[WHAT YOU NEED TO DO] Write out the entries exactly, pictures excluded.

[GIVEN RECORDS]
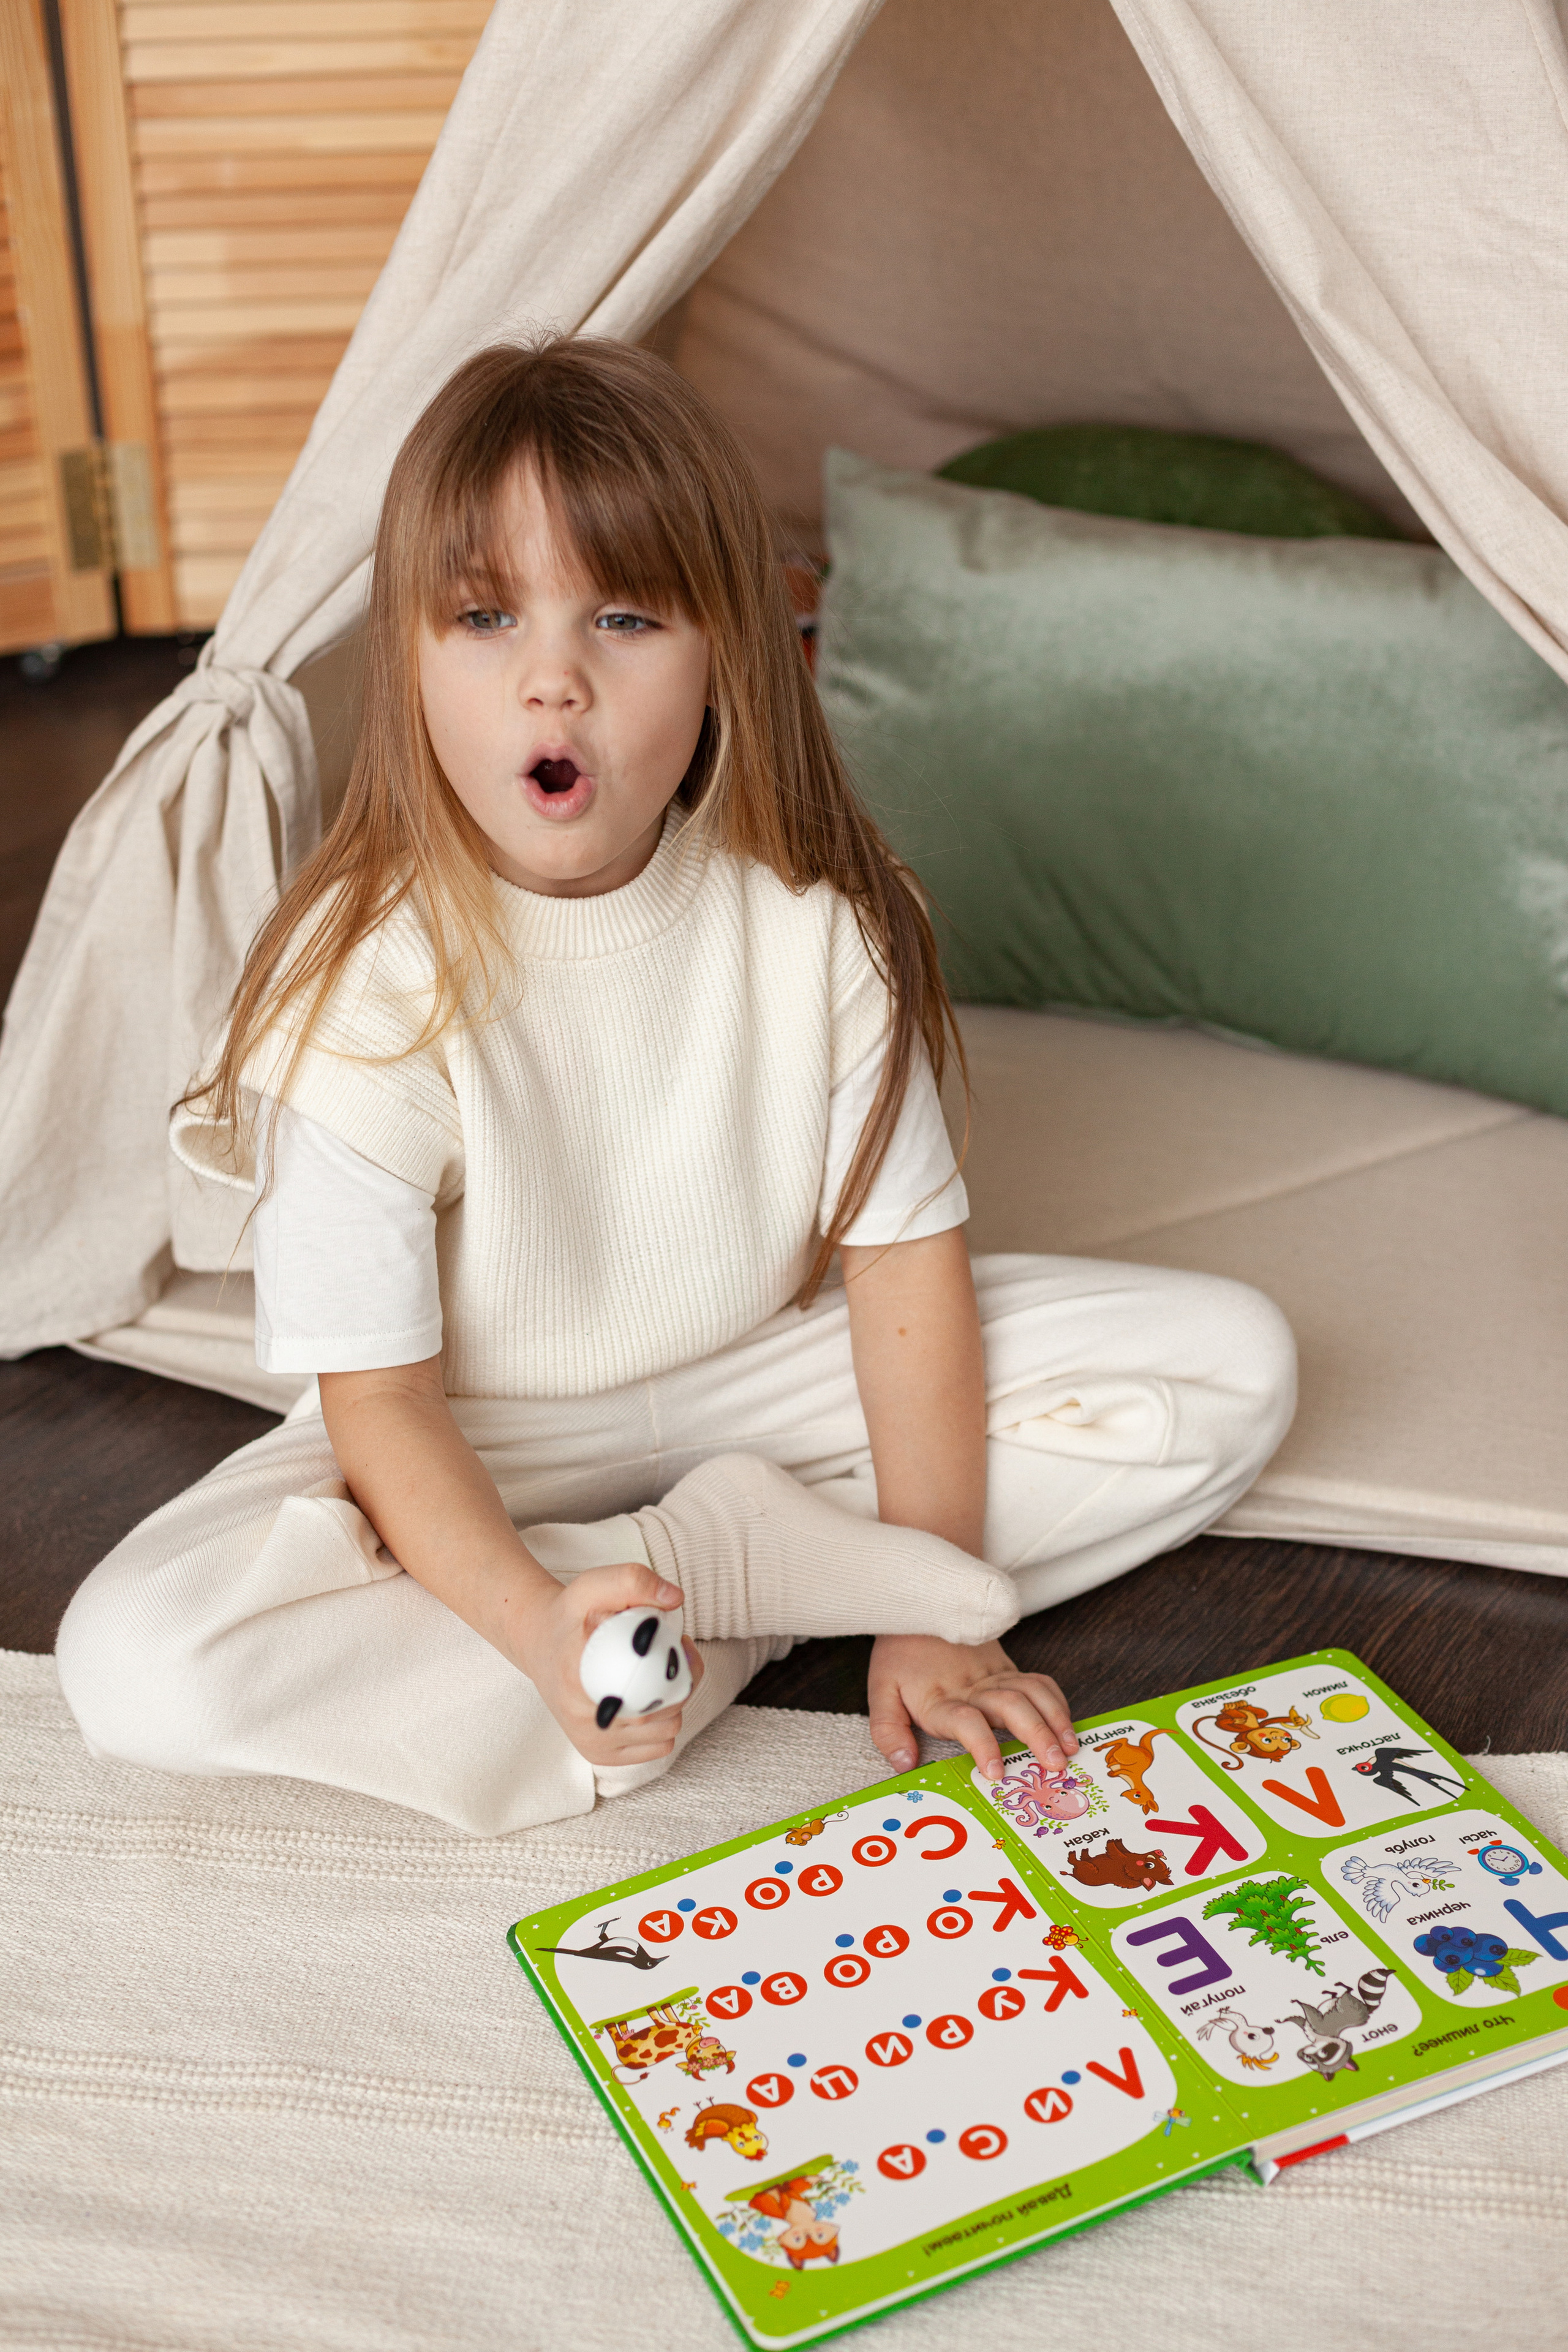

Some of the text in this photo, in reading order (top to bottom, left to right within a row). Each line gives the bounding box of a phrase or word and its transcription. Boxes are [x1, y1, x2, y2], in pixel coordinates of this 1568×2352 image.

[1191, 1686, 1257, 1709] обезьяна
[1302, 1681, 1349, 1698] лимон
[1079, 1725, 1135, 1747] кенгуру
[1336, 1732, 1401, 1755] ласточка
[1262, 1766, 1346, 1827] Л
[1063, 1827, 1110, 1849] кабан
[1145, 1804, 1249, 1875] К
[1384, 1834, 1436, 1855] голубь
[1459, 1829, 1498, 1845] часы
[1406, 1901, 1472, 1926] черника
[1319, 1931, 1349, 1944] ель
[1126, 1917, 1232, 1995] Е
[1180, 1985, 1246, 2016] попугай
[1361, 2023, 1398, 2043] енот
[1413, 2015, 1516, 2057] Что лишнее?
[922, 2182, 1072, 2258] Давай почитаем!
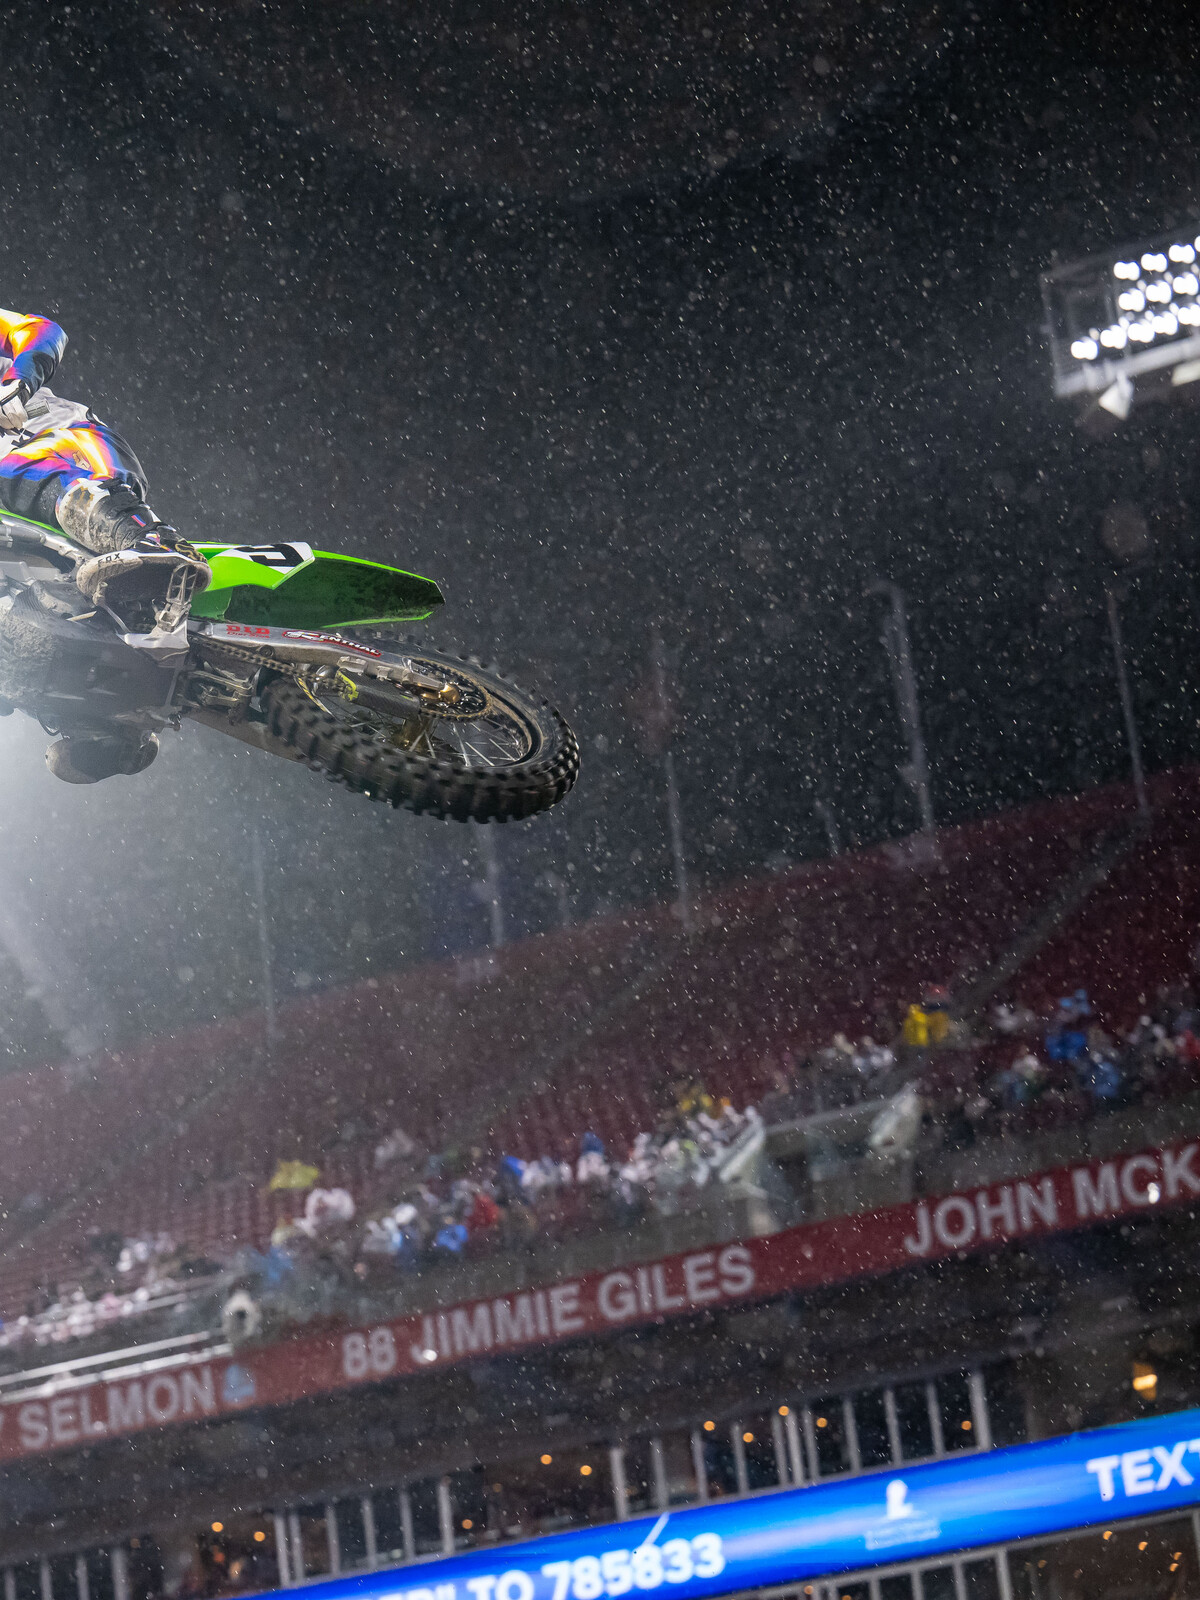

[ANSWER BOX]
Some of the text in this photo, in reading order (top to bottom, left to right within a row). Each line gives the bounding box of a phrase or word and its transcription. Boxes are [x1, y1, x2, y2], in pixel coordinates of this 1568×2352 image.

[1191, 1686, 1257, 1709] обезьяна
[1302, 1681, 1349, 1698] лимон
[1079, 1725, 1135, 1747] кенгуру
[1336, 1732, 1401, 1755] ласточка
[1262, 1766, 1346, 1827] Л
[1063, 1827, 1110, 1849] кабан
[1145, 1804, 1249, 1875] К
[1384, 1834, 1436, 1855] голубь
[1459, 1829, 1498, 1845] часы
[1406, 1901, 1472, 1926] черника
[1319, 1931, 1349, 1944] ель
[1126, 1917, 1232, 1995] Е
[1180, 1985, 1246, 2016] попугай
[1361, 2023, 1398, 2043] енот
[1413, 2015, 1516, 2057] Что лишнее?
[922, 2182, 1072, 2258] Давай почитаем!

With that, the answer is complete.